Lsyncd - Live Syncing (Mirror) Daemon


Lsyncd uses a filesystem event interface (inotify or fsevents) to watch for changes to local files and directories. Lsyncd collates these events for several seconds and then spawns one or more processes to synchronize the changes to a remote filesystem. The default synchronization method is rsync. Thus, Lsyncd is a light-weight live mirror solution. Lsyncd is comparatively easy to install and does not require new filesystems or block devices. Lysncd does not hamper local filesystem performance.

As an alternative to rsync, Lsyncd can also push changes via rsync+ssh. Rsync+ssh allows for much more efficient synchronization when a file or direcotry is renamed or moved to a new location in the local tree. (In contrast, plain rsync performs a move by deleting the old file and then retransmitting the whole file.)

Fine-grained customization can be achieved through the config file. Custom action configs can even be written from scratch in cascading layers ranging from shell scripts to code written in the Lua language. Thus, simple, powerful and flexible configurations are possible.

Lsyncd 2.2.1 requires rsync >= 3.1 on all source and target machines.
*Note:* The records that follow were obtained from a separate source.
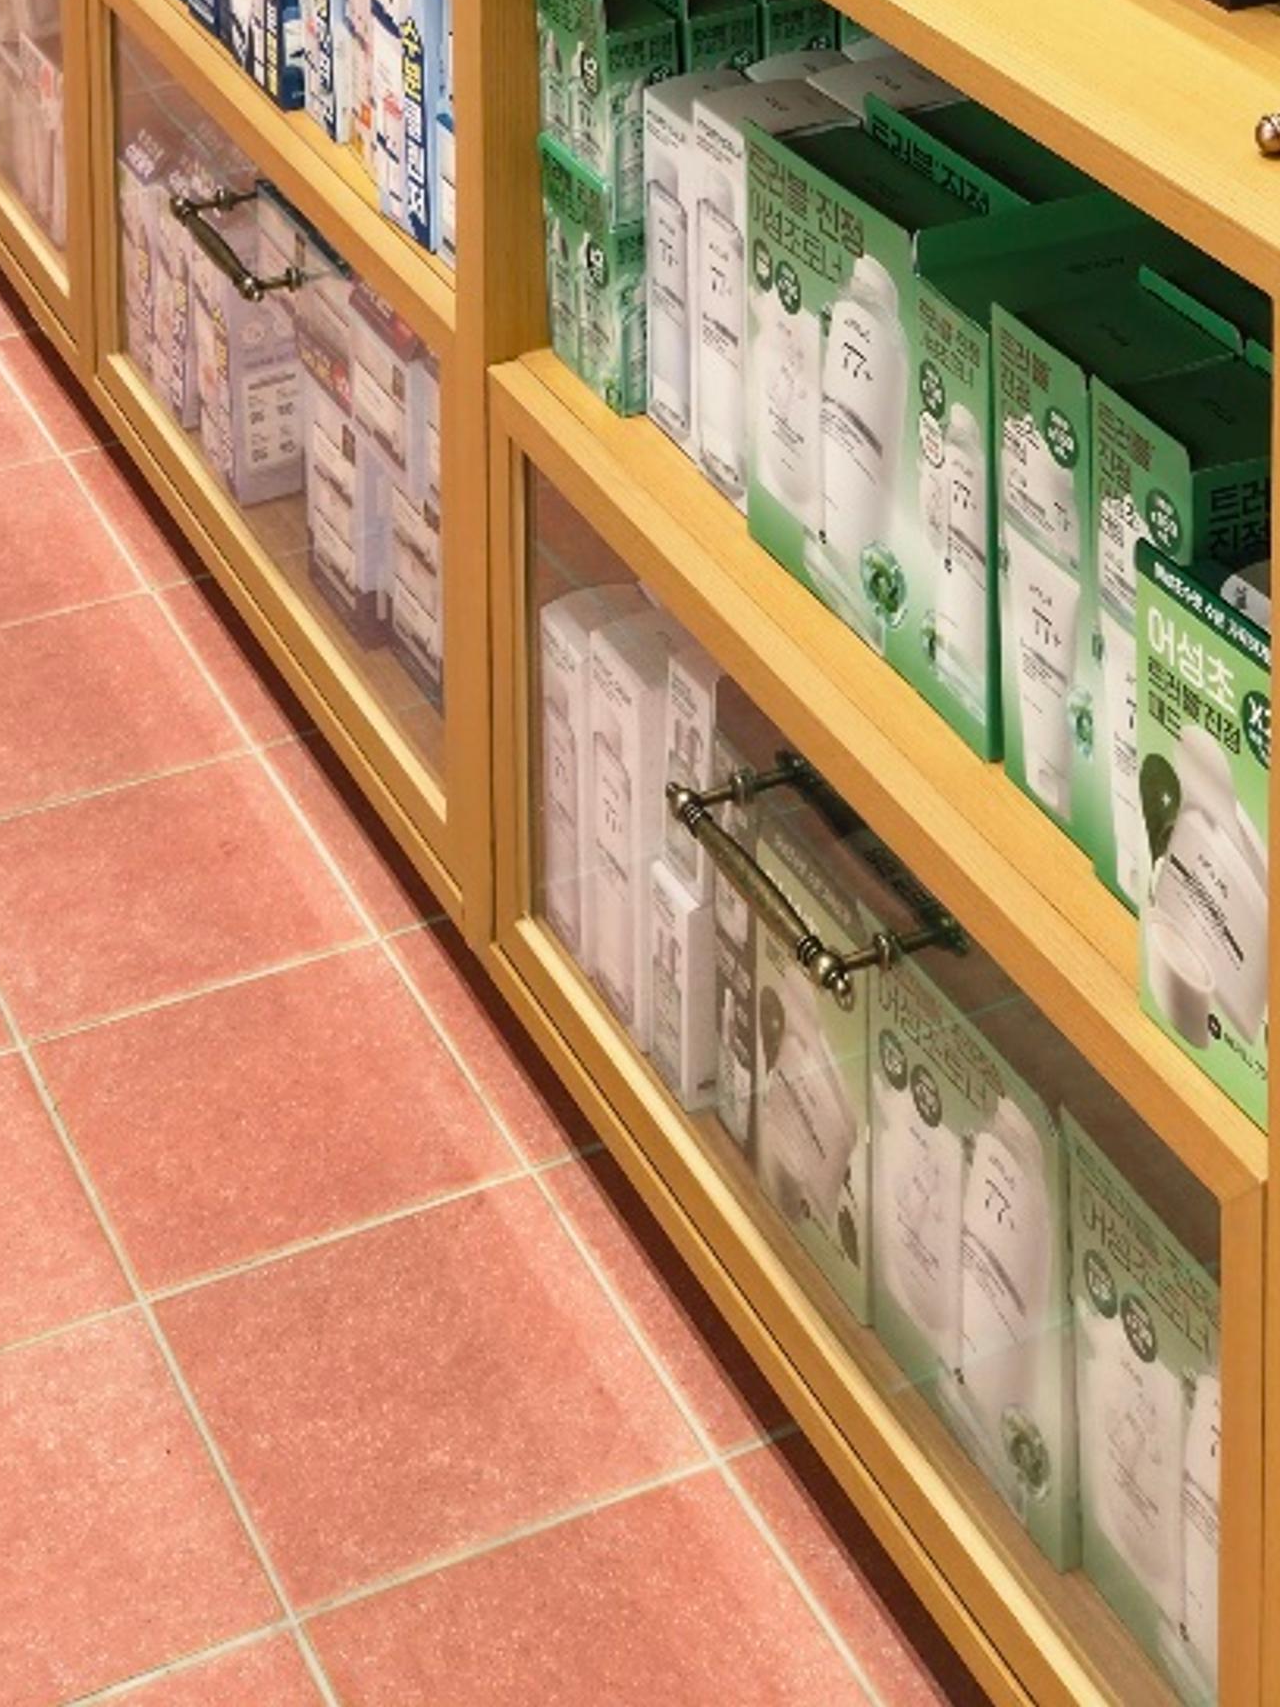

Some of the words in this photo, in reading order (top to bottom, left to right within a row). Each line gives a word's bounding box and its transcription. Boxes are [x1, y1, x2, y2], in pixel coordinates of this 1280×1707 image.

[748, 139, 809, 222] 트러블
[815, 190, 865, 259] 진정
[1147, 605, 1237, 716] 어성초
[1148, 655, 1202, 723] 트러블
[1204, 702, 1241, 756] 진정
License: GPLv2 or any later GPL version.

When to use

Lsyncd is designed to synchronize a slowly changing local directory tree to a remote mirror. Lsyncd is especially useful to sync data from a secure area to a not-so-secure area.

Other synchronization tools

DRBD operates on block device level. This makes it useful for synchronizing systems that are under heavy load. Lsyncd on the other hand does not require you to change block devices and/or mount points, allows you to change uid/gid of the transferred files, separates the receiver through the one-way nature of rsync. DRBD is likely the better option if you are syncing databases.

GlusterFS and BindFS use a FUSE-Filesystem to interject kernel/userspace filesystem events.

Mirror is an asynchronous synchronisation tool that takes use of the inotify notifications much like Lsyncd. The main differences are: it is developed specifically for master-master use, thus running on a daemon on both systems, uses its own transportation layer instead of rsync and is Java instead of Lsyncd’s C core with Lua scripting.

Lsyncd usage examples

lsyncd -rsync /home

This watches and rsyncs the local directory /home with all sub-directories and transfers them to ‘remotehost’ using the rsync-share ‘share’.

lsyncd -rsyncssh /home backup-home/

This will also rsync/watch ‘/home’, but it uses a ssh connection to make moves local on the remotehost instead of re-transmitting the moved file over the wire.


Besides the usual disclaimer in the license, we want to specifically emphasize that neither the authors, nor any organization associated with the authors, can or will be held responsible for data-loss caused by possible malfunctions of Lsyncd.